▶ TASK GOAL: Below are the records; give again exactly the lines that run from the one with "this 1000×1000 image." through the last line.

··········

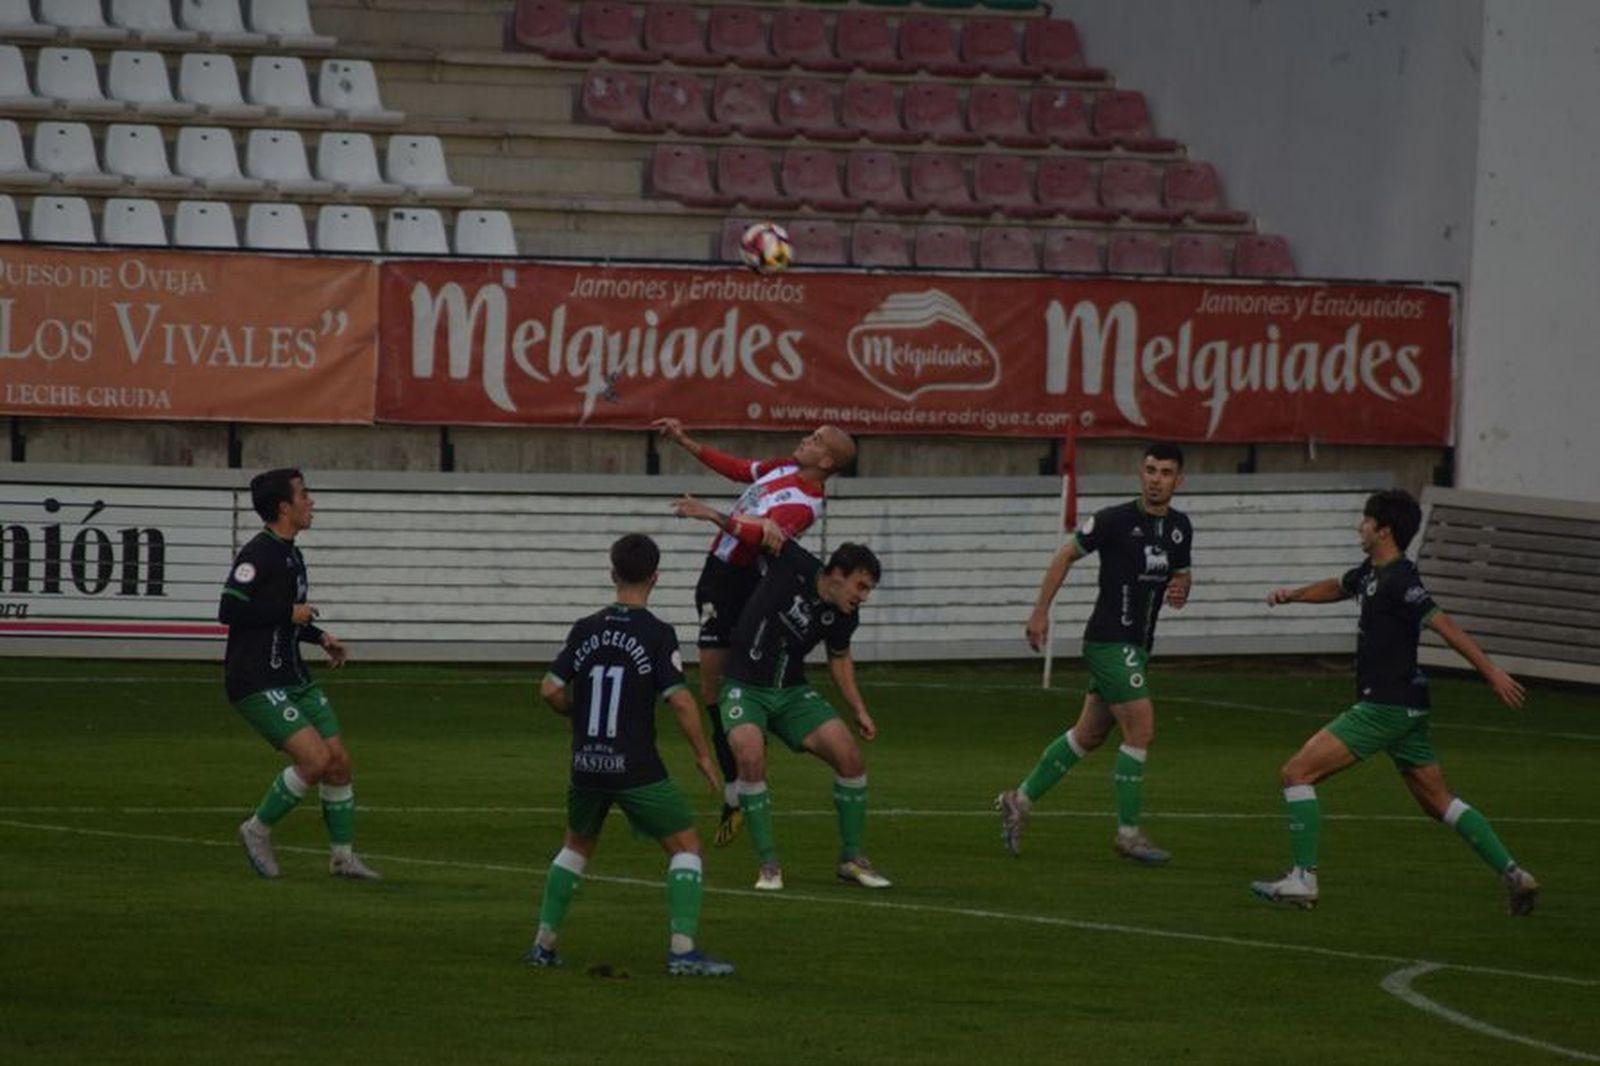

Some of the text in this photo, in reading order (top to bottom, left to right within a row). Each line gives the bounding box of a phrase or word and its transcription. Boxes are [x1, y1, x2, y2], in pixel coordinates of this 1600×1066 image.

[0, 258, 72, 288] UESO
[569, 272, 805, 307] Jamones y Embutidos
[1196, 288, 1426, 322] Jamones y Embutidos
[410, 280, 805, 426] Melquiades
[1044, 299, 1423, 439] Melquiades
[5, 384, 172, 410] LECHE CRUDA
[1122, 646, 1139, 667] 2
[587, 664, 625, 738] 11
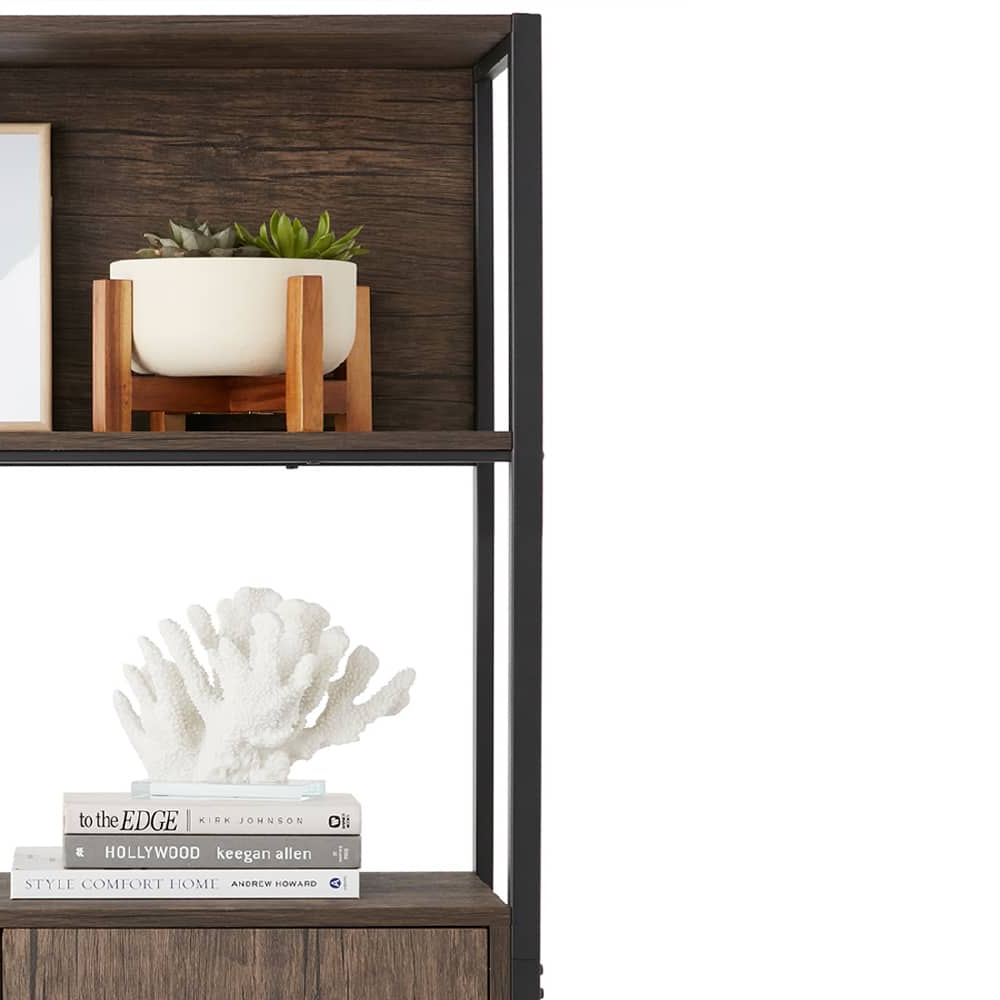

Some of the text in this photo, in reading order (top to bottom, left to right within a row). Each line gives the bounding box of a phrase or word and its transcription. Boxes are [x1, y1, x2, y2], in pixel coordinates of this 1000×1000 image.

[79, 809, 179, 832] to the EDGE
[199, 816, 304, 825] KIRK JOHNSON
[104, 845, 201, 860] HOLLYWOOD
[216, 846, 312, 864] keegan allen
[24, 878, 220, 890] STYLE COMFORT HOME
[231, 880, 318, 888] ANDREW HOWARD

··········

▶ FINAL ANSWER:
Some of the text in this photo, in reading order (top to bottom, left to right within a row). Each line gives the bounding box of a phrase or word and its transcription. Boxes are [x1, y1, x2, y2], in pixel coordinates of this 1000×1000 image.

[79, 809, 179, 832] to the EDGE
[199, 816, 304, 825] KIRK JOHNSON
[104, 845, 201, 860] HOLLYWOOD
[216, 846, 312, 864] keegan allen
[24, 878, 220, 890] STYLE COMFORT HOME
[231, 880, 318, 888] ANDREW HOWARD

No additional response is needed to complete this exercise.